Relics: A History of the World Told in 133 Objects is my idea of the perfect coffee-table gift book. Billed as “four billion years in the palm of your hand,” it’s small enough not to be cumbersome, weighty enough to be substantial and full of colorful photos and intriguing text. Open it to any random page and get lost in the images of tiny relics and their histories, ranging from a 4.5-billion-year-old asteroid fragment to a tiny piece of Winston Churchill’s faux leopard-skin hand muff. (Poor circulation in his later years caused Churchill’s hands to get cold.) The book is part of the Mini Museum project, intended to share a collection of hand-held bits of wonders from around the world—a whole exhibition, Polly Pocket-style. 

Young and old will be enticed by the variety of natural, historical and cultural tidbits, including a specimen of petrified lightning from the Sahara, a piece of a Martian meteorite, coal from the Titanic and a morsel of Prince Charles and Princess Diana’s wedding cake. Enjoy at your leisure, with no museum crowds invading your space. 

★ Original Sisters

Award-winning artist Anita Kunz certainly made the most of her COVID-19 lockdown: She began researching and painting portraits of more than 150 extraordinary women from ancient times to the present, many whose stories have been lost to history or whose glory has been stolen by men. The result, Original Sisters: Portraits of Tenacity and Courage, brings these heroines to life in wonderfully bold portraits, each accompanied by a paragraphsummarizing her notable life. These portraits are so vivid that readers will feel as though they are meeting these women face-to-face—and believe me, you will feel their power.

You’ll recognize many women’s names, like Temple Grandin, Nina Simone and Ruth Bader Ginsburg, but others may be new, such as Amanirenas, the partially blind African warrior queen who defeated Augustus Caesar. Patricia Bath, the first Black female ophthalmologist, invented a medical device to remove cataracts. Mabel Ping-Hua Lee was a Chinese American suffragist who led a parade on horseback in New York City to advocate for voting rights. A wonderful gift for friends, family or yourself, Original Sisters is an inspiring springboard for further study of these noteworthy souls.

★ The 1619 Project

For any lover of American history or letters, The 1619 Project: A New Origin Story is a visionary work that casts a sweeping, introspective gaze over what many have aptly termed the country’s original sin: the moment in 1619, one year before the Mayflower arrived, when a ship docked at the colony of Virginia to deliver 20 to 30 enslaved people from Africa. While many books have addressed enslavement and its repercussions, few, if any, have done so in such an imaginative, all-encompassing way, incorporating history, journalism, fiction, poetry and photography to show the cataclysmic repercussions of that pivotal moment.
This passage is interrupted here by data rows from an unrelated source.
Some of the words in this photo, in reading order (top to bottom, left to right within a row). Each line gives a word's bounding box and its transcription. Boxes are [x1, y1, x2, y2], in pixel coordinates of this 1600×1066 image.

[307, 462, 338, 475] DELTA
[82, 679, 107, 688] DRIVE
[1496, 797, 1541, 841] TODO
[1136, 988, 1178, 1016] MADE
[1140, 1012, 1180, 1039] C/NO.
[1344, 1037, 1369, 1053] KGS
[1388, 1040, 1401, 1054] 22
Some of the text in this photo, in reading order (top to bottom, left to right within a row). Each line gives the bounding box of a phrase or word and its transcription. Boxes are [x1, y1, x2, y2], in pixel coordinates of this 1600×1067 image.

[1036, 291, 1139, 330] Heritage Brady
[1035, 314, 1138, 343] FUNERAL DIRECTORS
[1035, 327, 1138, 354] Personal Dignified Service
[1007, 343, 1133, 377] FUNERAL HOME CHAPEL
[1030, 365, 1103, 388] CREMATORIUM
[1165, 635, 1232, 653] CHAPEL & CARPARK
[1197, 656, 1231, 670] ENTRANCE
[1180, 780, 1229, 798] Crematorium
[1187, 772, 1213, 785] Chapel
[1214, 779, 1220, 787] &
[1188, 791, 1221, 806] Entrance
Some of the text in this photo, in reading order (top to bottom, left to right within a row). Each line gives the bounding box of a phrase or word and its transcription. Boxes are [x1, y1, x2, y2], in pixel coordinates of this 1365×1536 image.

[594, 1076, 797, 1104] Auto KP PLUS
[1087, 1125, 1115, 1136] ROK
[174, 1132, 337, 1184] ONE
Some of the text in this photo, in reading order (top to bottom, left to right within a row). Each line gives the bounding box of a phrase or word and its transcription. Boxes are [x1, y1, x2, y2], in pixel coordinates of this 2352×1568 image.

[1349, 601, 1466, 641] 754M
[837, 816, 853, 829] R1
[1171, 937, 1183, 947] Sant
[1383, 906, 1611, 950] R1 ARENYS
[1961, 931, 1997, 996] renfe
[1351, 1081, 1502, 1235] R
A superb expansion of the New York Times Magazine’s “1619 Project” issue, this book contains 18 essays as well as 36 poems and stories that examine how slavery and its legacy of racial injustice have shaped the U.S. over the last 400 years. Each piece was curated by MacArthur “genius grant” winner Nikole Hannah-Jones, who pitched the original “1619 Project” to the Times and won the Pulitzer Prize for her contribution to it. The book’s many talented contributors include Ibram X. Kendi, Terry McMillan, Khalil Gibran Muhammad, ZZ Packer, Darryl Pinckney, Claudia Rankine, Jason Reynolds, Bryan Stevenson and Jesmyn Ward. Seven essays are new, and existing essays have been substantially revised and expanded to include additional details. Black-and-white portraits have also been added—both historical and present-day images—as another way of allowing readers to look history in the eye.

A new concluding essay from Hannah-Jones explores economic justice, and her wonderful preface is a special standout. It’s a powerful, personal essay in which she notes that she is “the daughter and granddaughter of people born onto a repurposed slave-labor camp in the deepest South, people who could not have imagined their progeny would one day rise to a position to bring forth such a project.”

The sheer breadth of this book is refreshing and illuminating, challenging each and every reader to confront America’s past, present and future.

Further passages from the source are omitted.